According to former employees, Smith and Martinez ordered workers to come in on nights and weekends and process meat without inspectors present. To avoid arousing suspicion, workers were instructed to park off-site and work with the lights off, according to court documents. They were also discouraged from leaving the building to take meal breaks, in order to keep activity around the facility to a minimum. Additionally, Smith and Martinez admitted to hiding uninspected meat in freezers, and distracting inspectors from noticing said meat.
Federal inspectors are responsible for making sure that meat products are free from disease, and verifying that processors meet food safety standards. Skip that process and, well, an eater has virtually no idea what is being consumed.
The issue of heart-mixing is a bit more complicated. In February 2017, there was a cacophony of confusion about USDA’s rules regarding the inclusion of cow hearts as an ingredient in ground beef. Technically, heart meat—officially defined as “cardiac muscle trimmed from the ventricular wall of a beef heart”—has always been allowed in ground beef. But the rest of the cow heart, including vessels, fat, and various chambers, are considered byproducts that can not be used. Nonetheless, Smith and Martinez admitted to keeping whole hearts off-site, then bringing them in after hours to process into what they later sold as ground beef.
Workers were instructed to park off-site and work with the lights off, according to court documents.

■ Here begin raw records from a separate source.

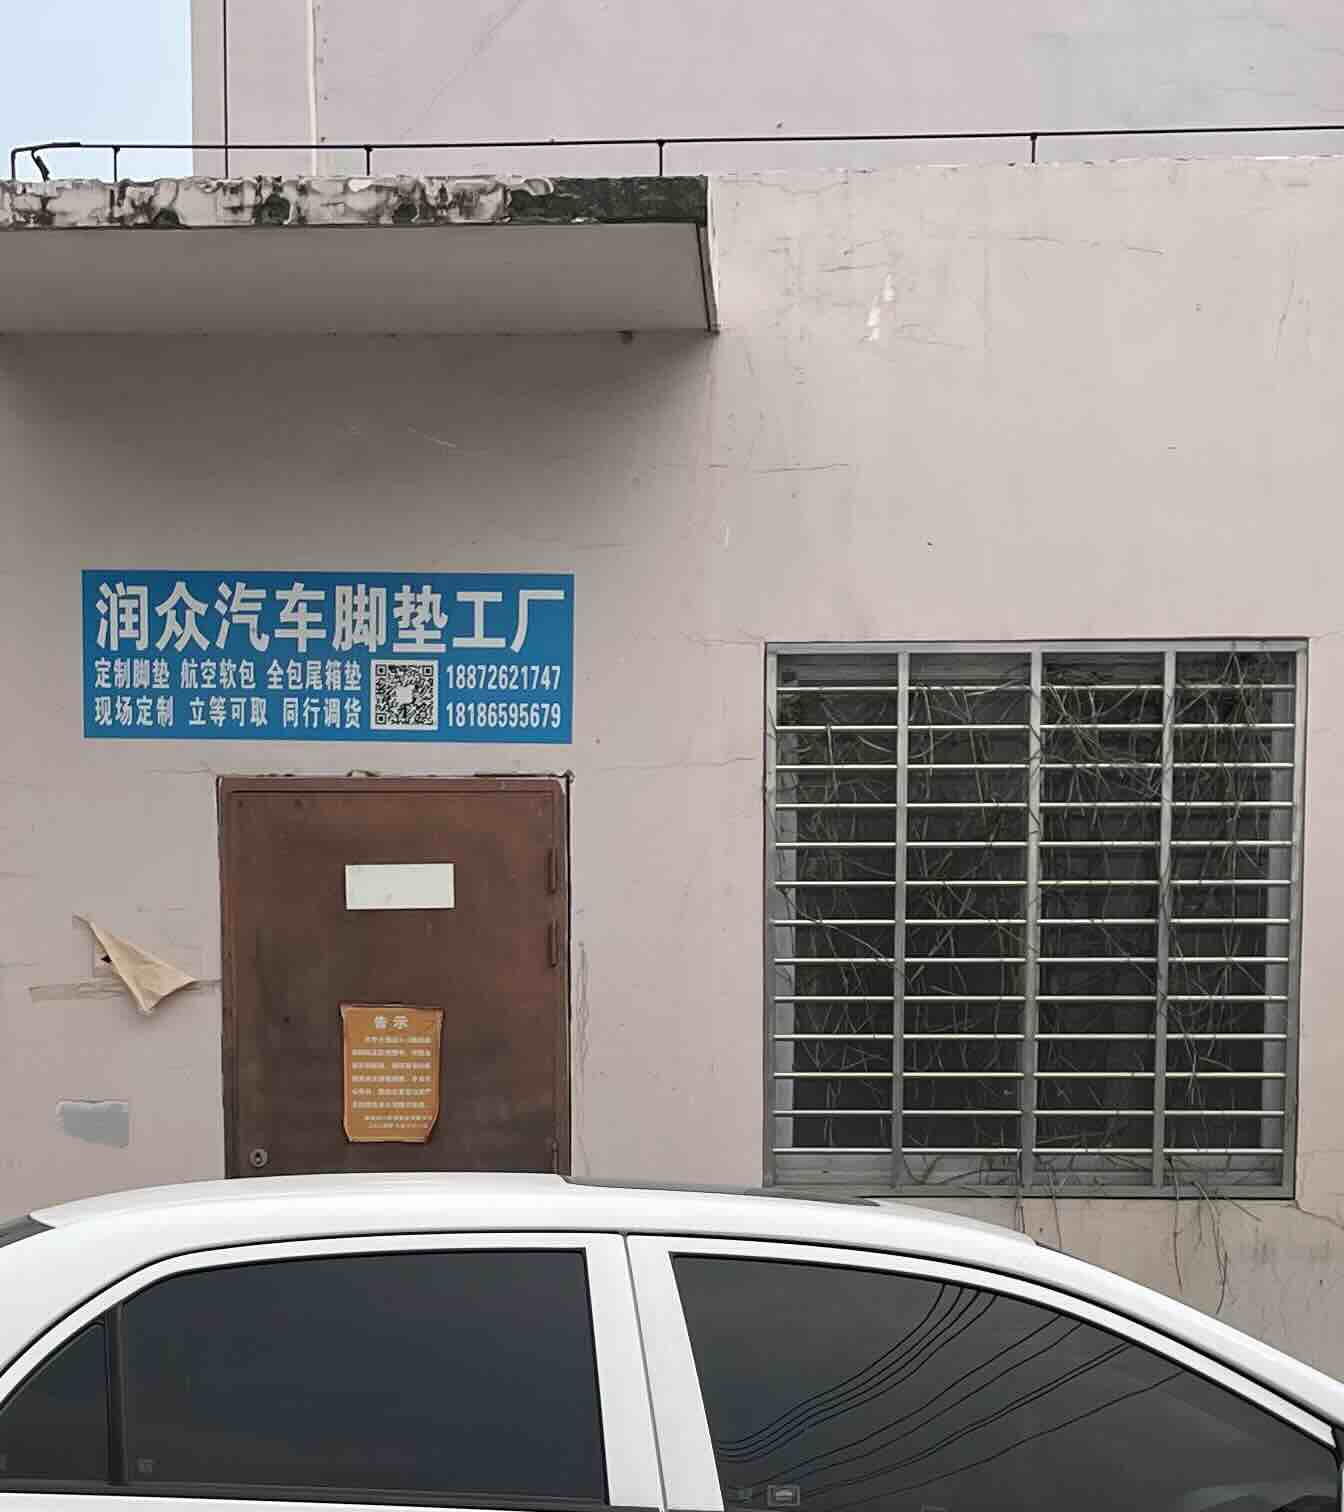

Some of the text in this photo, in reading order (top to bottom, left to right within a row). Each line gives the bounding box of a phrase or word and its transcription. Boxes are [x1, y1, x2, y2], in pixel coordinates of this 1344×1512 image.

[95, 581, 566, 654] 润众汽车脚垫工厂
[94, 658, 362, 692] 定制脚垫 航空软包 全包尾箱垫
[445, 664, 562, 691] 18872621747
[94, 695, 362, 729] 现场定制 立等可取 同行调货
[445, 702, 562, 728] 18186595679

Though this is one individual case, it falls within a broad spectrum of issues relating to food safety in the prison system. In 2014, another Texas meat processor paid nearly $392,000 as part of a settlement with the USDA for mislabeling beef meant for pet food, which was then sold to the Bureau of Prisons. In Arizona, former inmates say they were served chicken from boxes labeled “not for human consumption.” Last year, The New Food Economy reported on the hidden public health crisis in America’s prisons—where incarcerated people were more than six times as likely to get a foodborne illness than the general population.
There are often economic incentives for food service providers to turn a blind eye to quality, such as the right to pocket any money leftover after fulfilling a contract. Infamously, an Alabama prison sheriff bought a beach house partially using “excess” funds meant to feed inmates. Smith and Martinez were also likely financially motivated to shirk federal beef standards.
Attorneys for the executives did not respond to requests for comment. Both defendants are scheduled to be sentenced on February 13, 2020.